**EXERCISE GOAL**
Repeat every line that appears below, with nothing altered.

**Records from a collection**
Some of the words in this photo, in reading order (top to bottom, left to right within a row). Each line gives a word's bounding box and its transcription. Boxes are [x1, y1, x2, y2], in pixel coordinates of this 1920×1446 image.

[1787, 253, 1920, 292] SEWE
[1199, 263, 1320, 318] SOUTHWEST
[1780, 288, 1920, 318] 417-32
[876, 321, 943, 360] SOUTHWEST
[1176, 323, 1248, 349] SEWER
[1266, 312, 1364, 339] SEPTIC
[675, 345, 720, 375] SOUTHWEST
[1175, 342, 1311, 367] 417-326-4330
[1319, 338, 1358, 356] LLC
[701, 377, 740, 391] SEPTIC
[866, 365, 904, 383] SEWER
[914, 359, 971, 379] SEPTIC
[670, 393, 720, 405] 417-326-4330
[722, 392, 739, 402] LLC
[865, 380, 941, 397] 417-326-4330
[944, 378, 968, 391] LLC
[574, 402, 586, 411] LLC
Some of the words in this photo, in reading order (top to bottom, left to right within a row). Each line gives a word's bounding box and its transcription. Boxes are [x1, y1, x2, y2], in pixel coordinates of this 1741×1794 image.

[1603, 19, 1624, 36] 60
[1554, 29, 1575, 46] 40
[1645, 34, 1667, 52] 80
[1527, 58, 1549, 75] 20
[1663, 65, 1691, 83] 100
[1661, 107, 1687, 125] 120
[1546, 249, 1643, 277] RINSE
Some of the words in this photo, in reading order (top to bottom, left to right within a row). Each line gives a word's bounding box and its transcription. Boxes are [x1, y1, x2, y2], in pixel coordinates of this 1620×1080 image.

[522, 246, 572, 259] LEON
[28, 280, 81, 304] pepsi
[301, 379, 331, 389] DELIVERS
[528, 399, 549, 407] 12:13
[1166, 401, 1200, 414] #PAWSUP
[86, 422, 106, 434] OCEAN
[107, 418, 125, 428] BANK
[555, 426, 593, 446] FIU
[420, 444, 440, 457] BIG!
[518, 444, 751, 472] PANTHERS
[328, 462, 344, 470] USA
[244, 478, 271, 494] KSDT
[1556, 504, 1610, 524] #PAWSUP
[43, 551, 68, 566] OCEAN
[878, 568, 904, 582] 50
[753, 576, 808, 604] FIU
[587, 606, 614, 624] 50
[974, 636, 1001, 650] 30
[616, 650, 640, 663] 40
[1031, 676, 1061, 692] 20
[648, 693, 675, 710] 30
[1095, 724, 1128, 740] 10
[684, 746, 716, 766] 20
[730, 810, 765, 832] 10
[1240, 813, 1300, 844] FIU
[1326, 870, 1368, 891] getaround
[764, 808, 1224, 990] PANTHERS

**ANSWER SPACE**
Some of the words in this photo, in reading order (top to bottom, left to right within a row). Each line gives a word's bounding box and its transcription. Boxes are [x1, y1, x2, y2], in pixel coordinates of this 1920×1446 image.

[1787, 253, 1920, 292] SEWE
[1199, 263, 1320, 318] SOUTHWEST
[1780, 288, 1920, 318] 417-32
[876, 321, 943, 360] SOUTHWEST
[1176, 323, 1248, 349] SEWER
[1266, 312, 1364, 339] SEPTIC
[675, 345, 720, 375] SOUTHWEST
[1175, 342, 1311, 367] 417-326-4330
[1319, 338, 1358, 356] LLC
[701, 377, 740, 391] SEPTIC
[866, 365, 904, 383] SEWER
[914, 359, 971, 379] SEPTIC
[670, 393, 720, 405] 417-326-4330
[722, 392, 739, 402] LLC
[865, 380, 941, 397] 417-326-4330
[944, 378, 968, 391] LLC
[574, 402, 586, 411] LLC
Some of the words in this photo, in reading order (top to bottom, left to right within a row). Each line gives a word's bounding box and its transcription. Boxes are [x1, y1, x2, y2], in pixel coordinates of this 1741×1794 image.

[1603, 19, 1624, 36] 60
[1554, 29, 1575, 46] 40
[1645, 34, 1667, 52] 80
[1527, 58, 1549, 75] 20
[1663, 65, 1691, 83] 100
[1661, 107, 1687, 125] 120
[1546, 249, 1643, 277] RINSE
Some of the words in this photo, in reading order (top to bottom, left to right within a row). Each line gives a word's bounding box and its transcription. Boxes are [x1, y1, x2, y2], in pixel coordinates of this 1620×1080 image.

[522, 246, 572, 259] LEON
[28, 280, 81, 304] pepsi
[301, 379, 331, 389] DELIVERS
[528, 399, 549, 407] 12:13
[1166, 401, 1200, 414] #PAWSUP
[86, 422, 106, 434] OCEAN
[107, 418, 125, 428] BANK
[555, 426, 593, 446] FIU
[420, 444, 440, 457] BIG!
[518, 444, 751, 472] PANTHERS
[328, 462, 344, 470] USA
[244, 478, 271, 494] KSDT
[1556, 504, 1610, 524] #PAWSUP
[43, 551, 68, 566] OCEAN
[878, 568, 904, 582] 50
[753, 576, 808, 604] FIU
[587, 606, 614, 624] 50
[974, 636, 1001, 650] 30
[616, 650, 640, 663] 40
[1031, 676, 1061, 692] 20
[648, 693, 675, 710] 30
[1095, 724, 1128, 740] 10
[684, 746, 716, 766] 20
[730, 810, 765, 832] 10
[1240, 813, 1300, 844] FIU
[1326, 870, 1368, 891] getaround
[764, 808, 1224, 990] PANTHERS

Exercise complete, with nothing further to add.